__DATASET ENTRIES__:
◆ ◆ ◆
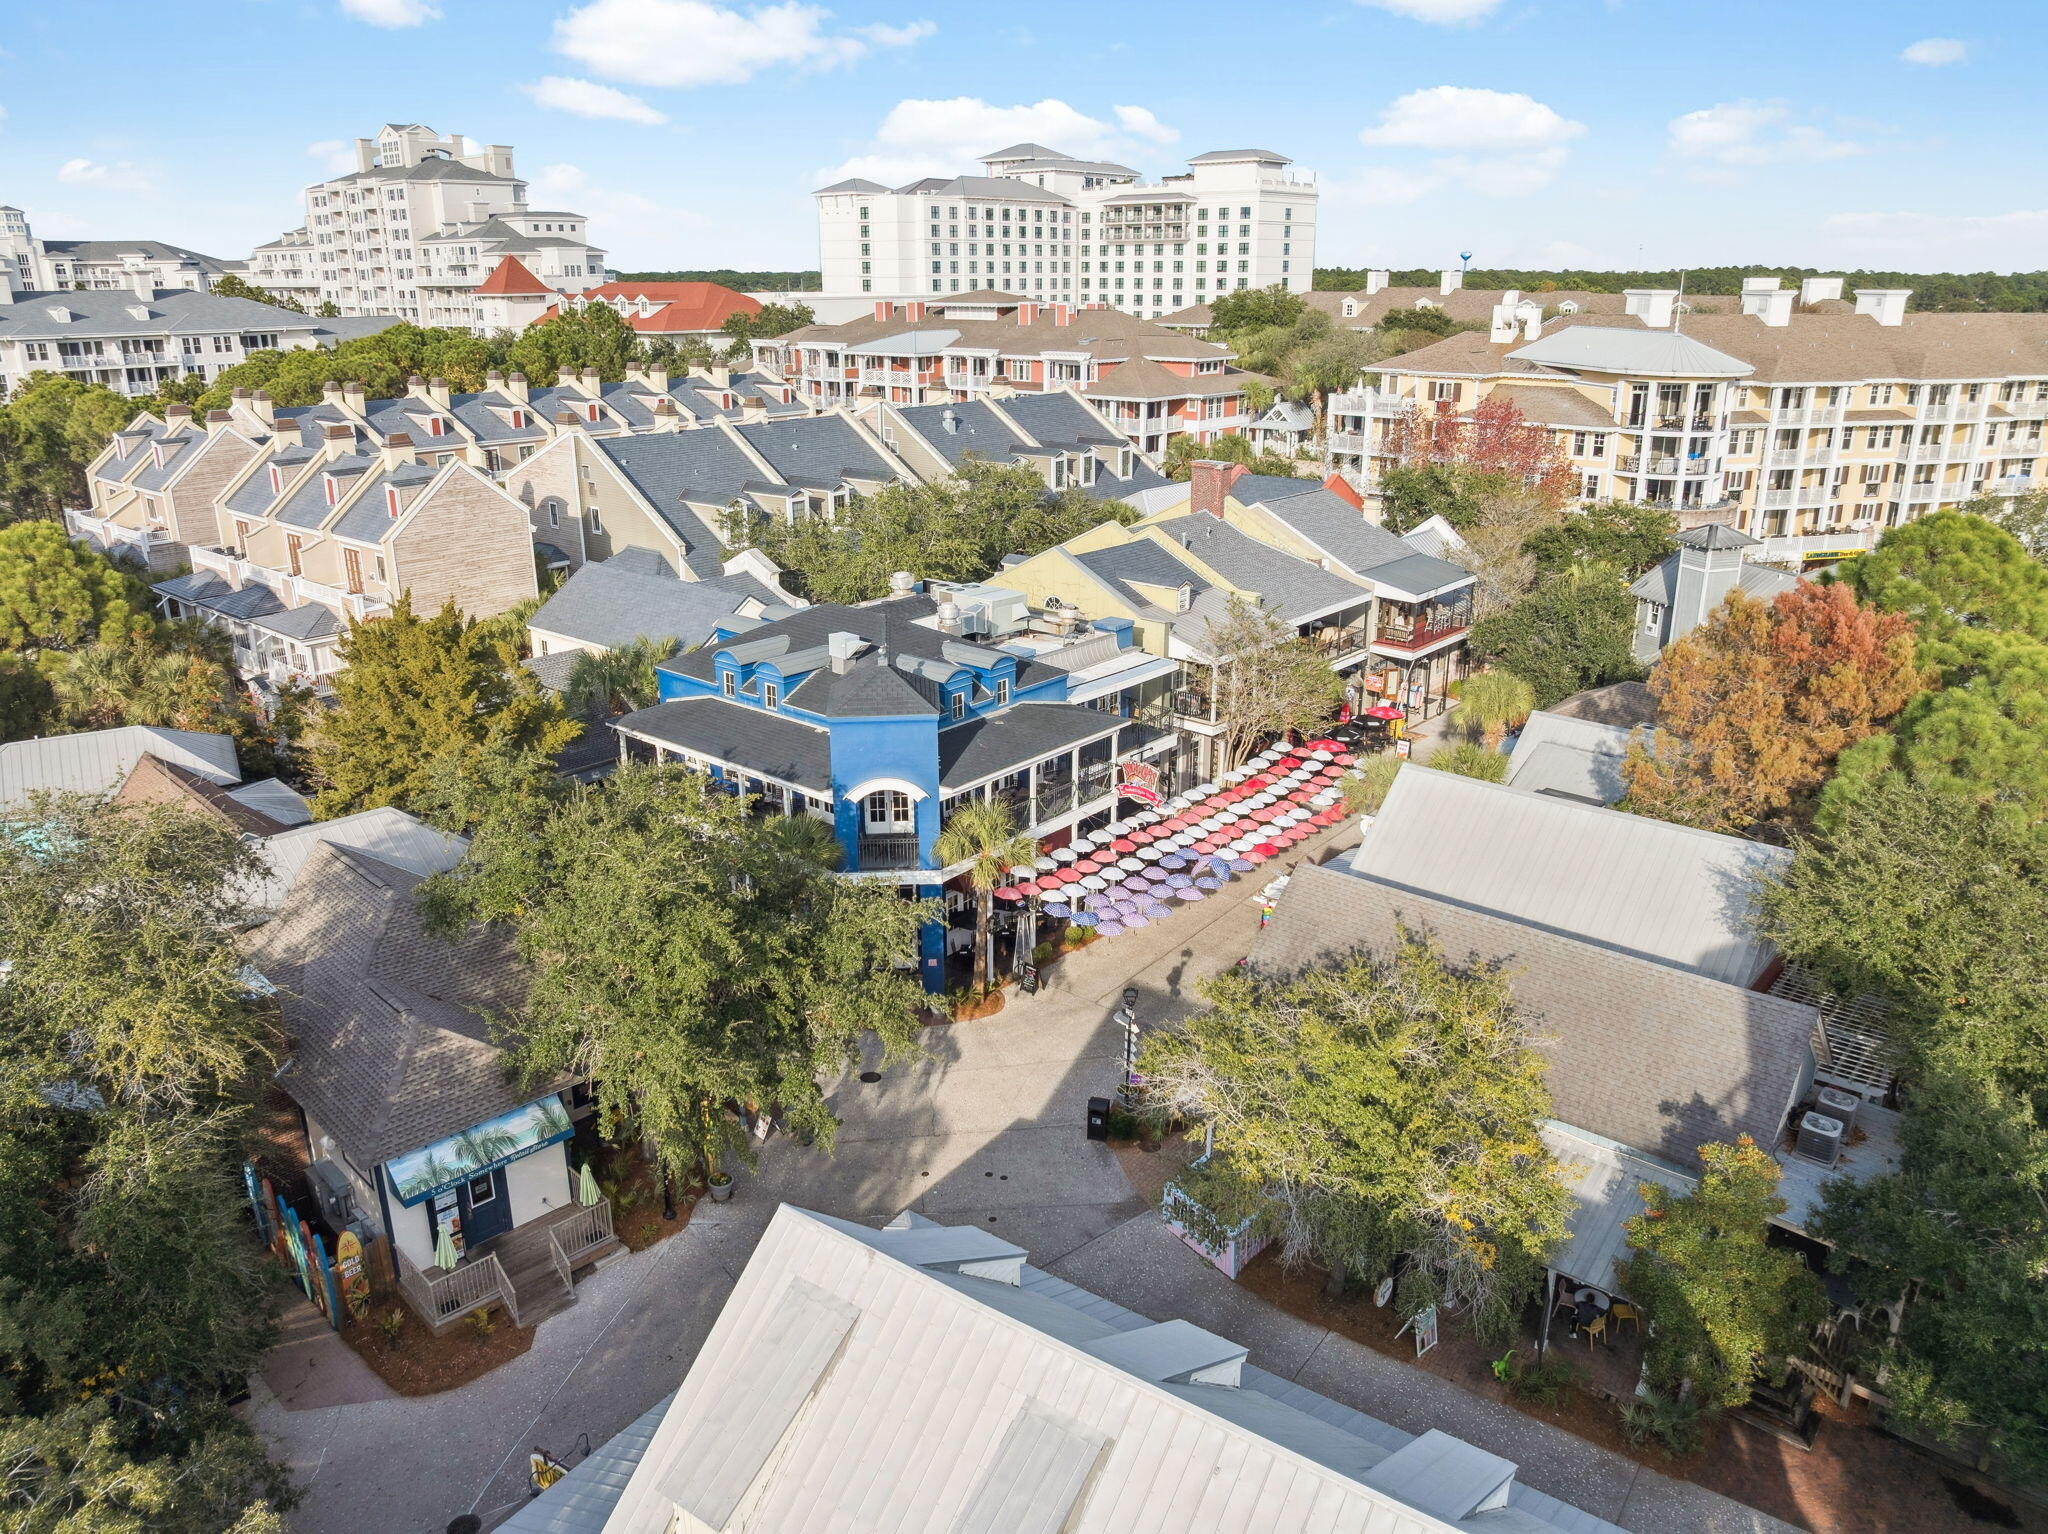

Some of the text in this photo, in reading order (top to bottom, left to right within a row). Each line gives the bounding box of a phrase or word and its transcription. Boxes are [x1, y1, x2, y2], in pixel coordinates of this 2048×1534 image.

[437, 1177, 466, 1192] o'Clock
[468, 1159, 508, 1178] Somewhere
[342, 1255, 360, 1269] COLD
[344, 1264, 362, 1278] BEER
◆ ◆ ◆
__WORK INSTRUCTIONS__: Copy out the entries verbatim, but skip every picture.

__RESPONSE TO THE TASK__:
Some of the text in this photo, in reading order (top to bottom, left to right within a row). Each line gives the bounding box of a phrase or word and its transcription. Boxes are [x1, y1, x2, y2], in pixel coordinates of this 2048×1534 image.

[437, 1177, 466, 1192] o'Clock
[468, 1159, 508, 1178] Somewhere
[342, 1255, 360, 1269] COLD
[344, 1264, 362, 1278] BEER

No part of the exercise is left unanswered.